-- Records from a data collection --
◇ ◇ ◇ ◇ ◇

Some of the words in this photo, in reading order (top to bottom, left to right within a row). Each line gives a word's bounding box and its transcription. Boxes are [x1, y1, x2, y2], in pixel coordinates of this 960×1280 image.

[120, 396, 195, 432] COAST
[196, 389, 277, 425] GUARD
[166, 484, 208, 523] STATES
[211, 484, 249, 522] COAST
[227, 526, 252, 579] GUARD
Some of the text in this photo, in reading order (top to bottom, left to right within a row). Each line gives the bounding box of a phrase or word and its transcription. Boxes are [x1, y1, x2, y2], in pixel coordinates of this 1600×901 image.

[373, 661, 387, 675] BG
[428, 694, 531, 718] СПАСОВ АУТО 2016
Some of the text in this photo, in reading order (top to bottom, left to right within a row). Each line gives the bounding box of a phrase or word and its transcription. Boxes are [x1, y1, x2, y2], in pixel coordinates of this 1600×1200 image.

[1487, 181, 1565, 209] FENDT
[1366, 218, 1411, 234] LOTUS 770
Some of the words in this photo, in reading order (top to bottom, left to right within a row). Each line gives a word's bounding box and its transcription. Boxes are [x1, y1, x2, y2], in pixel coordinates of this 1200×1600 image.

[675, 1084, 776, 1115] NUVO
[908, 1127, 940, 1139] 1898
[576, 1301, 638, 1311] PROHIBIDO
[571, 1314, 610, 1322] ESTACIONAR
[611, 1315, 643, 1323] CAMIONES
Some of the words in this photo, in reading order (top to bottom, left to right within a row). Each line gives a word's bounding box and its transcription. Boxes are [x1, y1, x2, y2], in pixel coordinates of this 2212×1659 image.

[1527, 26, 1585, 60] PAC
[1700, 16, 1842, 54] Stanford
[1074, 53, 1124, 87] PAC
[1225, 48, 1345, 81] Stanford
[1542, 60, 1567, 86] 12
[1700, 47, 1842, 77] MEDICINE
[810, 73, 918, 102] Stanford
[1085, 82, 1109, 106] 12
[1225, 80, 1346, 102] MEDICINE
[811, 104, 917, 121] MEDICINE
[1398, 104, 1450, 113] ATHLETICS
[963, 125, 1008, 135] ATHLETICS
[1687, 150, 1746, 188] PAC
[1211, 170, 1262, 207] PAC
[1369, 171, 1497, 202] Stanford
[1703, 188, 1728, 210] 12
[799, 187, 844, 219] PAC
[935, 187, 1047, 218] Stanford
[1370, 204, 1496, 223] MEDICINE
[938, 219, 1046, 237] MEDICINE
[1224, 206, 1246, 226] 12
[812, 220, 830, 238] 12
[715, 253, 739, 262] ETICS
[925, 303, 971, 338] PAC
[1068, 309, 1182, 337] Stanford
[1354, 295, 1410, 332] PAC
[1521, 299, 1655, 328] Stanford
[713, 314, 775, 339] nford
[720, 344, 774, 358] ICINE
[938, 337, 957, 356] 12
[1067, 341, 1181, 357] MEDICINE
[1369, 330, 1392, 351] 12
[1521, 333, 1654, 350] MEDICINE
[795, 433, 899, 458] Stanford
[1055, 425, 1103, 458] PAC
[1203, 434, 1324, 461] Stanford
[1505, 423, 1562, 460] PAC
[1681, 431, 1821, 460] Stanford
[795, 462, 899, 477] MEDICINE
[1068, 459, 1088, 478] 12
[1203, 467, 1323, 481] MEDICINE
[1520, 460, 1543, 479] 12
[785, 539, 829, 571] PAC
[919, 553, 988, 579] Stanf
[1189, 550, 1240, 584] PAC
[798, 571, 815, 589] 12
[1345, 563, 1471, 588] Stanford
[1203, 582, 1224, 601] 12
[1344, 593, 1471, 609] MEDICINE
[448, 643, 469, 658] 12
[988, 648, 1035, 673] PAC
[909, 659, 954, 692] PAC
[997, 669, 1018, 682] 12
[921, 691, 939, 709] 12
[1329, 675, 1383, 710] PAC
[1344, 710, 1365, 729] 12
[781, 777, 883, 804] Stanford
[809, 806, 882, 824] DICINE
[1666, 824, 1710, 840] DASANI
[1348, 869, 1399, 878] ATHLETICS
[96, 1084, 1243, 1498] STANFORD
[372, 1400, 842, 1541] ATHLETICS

◇ ◇ ◇ ◇ ◇

-- Activity --
All of the data shown above must be copied exactly.

-- Result of the exercise --
Some of the words in this photo, in reading order (top to bottom, left to right within a row). Each line gives a word's bounding box and its transcription. Boxes are [x1, y1, x2, y2], in pixel coordinates of this 960×1280 image.

[120, 396, 195, 432] COAST
[196, 389, 277, 425] GUARD
[166, 484, 208, 523] STATES
[211, 484, 249, 522] COAST
[227, 526, 252, 579] GUARD
Some of the text in this photo, in reading order (top to bottom, left to right within a row). Each line gives the bounding box of a phrase or word and its transcription. Boxes are [x1, y1, x2, y2], in pixel coordinates of this 1600×901 image.

[373, 661, 387, 675] BG
[428, 694, 531, 718] СПАСОВ АУТО 2016
Some of the text in this photo, in reading order (top to bottom, left to right within a row). Each line gives the bounding box of a phrase or word and its transcription. Boxes are [x1, y1, x2, y2], in pixel coordinates of this 1600×1200 image.

[1487, 181, 1565, 209] FENDT
[1366, 218, 1411, 234] LOTUS 770
Some of the words in this photo, in reading order (top to bottom, left to right within a row). Each line gives a word's bounding box and its transcription. Boxes are [x1, y1, x2, y2], in pixel coordinates of this 1200×1600 image.

[675, 1084, 776, 1115] NUVO
[908, 1127, 940, 1139] 1898
[576, 1301, 638, 1311] PROHIBIDO
[571, 1314, 610, 1322] ESTACIONAR
[611, 1315, 643, 1323] CAMIONES
Some of the words in this photo, in reading order (top to bottom, left to right within a row). Each line gives a word's bounding box and its transcription. Boxes are [x1, y1, x2, y2], in pixel coordinates of this 2212×1659 image.

[1527, 26, 1585, 60] PAC
[1700, 16, 1842, 54] Stanford
[1074, 53, 1124, 87] PAC
[1225, 48, 1345, 81] Stanford
[1542, 60, 1567, 86] 12
[1700, 47, 1842, 77] MEDICINE
[810, 73, 918, 102] Stanford
[1085, 82, 1109, 106] 12
[1225, 80, 1346, 102] MEDICINE
[811, 104, 917, 121] MEDICINE
[1398, 104, 1450, 113] ATHLETICS
[963, 125, 1008, 135] ATHLETICS
[1687, 150, 1746, 188] PAC
[1211, 170, 1262, 207] PAC
[1369, 171, 1497, 202] Stanford
[1703, 188, 1728, 210] 12
[799, 187, 844, 219] PAC
[935, 187, 1047, 218] Stanford
[1370, 204, 1496, 223] MEDICINE
[938, 219, 1046, 237] MEDICINE
[1224, 206, 1246, 226] 12
[812, 220, 830, 238] 12
[715, 253, 739, 262] ETICS
[925, 303, 971, 338] PAC
[1068, 309, 1182, 337] Stanford
[1354, 295, 1410, 332] PAC
[1521, 299, 1655, 328] Stanford
[713, 314, 775, 339] nford
[720, 344, 774, 358] ICINE
[938, 337, 957, 356] 12
[1067, 341, 1181, 357] MEDICINE
[1369, 330, 1392, 351] 12
[1521, 333, 1654, 350] MEDICINE
[795, 433, 899, 458] Stanford
[1055, 425, 1103, 458] PAC
[1203, 434, 1324, 461] Stanford
[1505, 423, 1562, 460] PAC
[1681, 431, 1821, 460] Stanford
[795, 462, 899, 477] MEDICINE
[1068, 459, 1088, 478] 12
[1203, 467, 1323, 481] MEDICINE
[1520, 460, 1543, 479] 12
[785, 539, 829, 571] PAC
[919, 553, 988, 579] Stanf
[1189, 550, 1240, 584] PAC
[798, 571, 815, 589] 12
[1345, 563, 1471, 588] Stanford
[1203, 582, 1224, 601] 12
[1344, 593, 1471, 609] MEDICINE
[448, 643, 469, 658] 12
[988, 648, 1035, 673] PAC
[909, 659, 954, 692] PAC
[997, 669, 1018, 682] 12
[921, 691, 939, 709] 12
[1329, 675, 1383, 710] PAC
[1344, 710, 1365, 729] 12
[781, 777, 883, 804] Stanford
[809, 806, 882, 824] DICINE
[1666, 824, 1710, 840] DASANI
[1348, 869, 1399, 878] ATHLETICS
[96, 1084, 1243, 1498] STANFORD
[372, 1400, 842, 1541] ATHLETICS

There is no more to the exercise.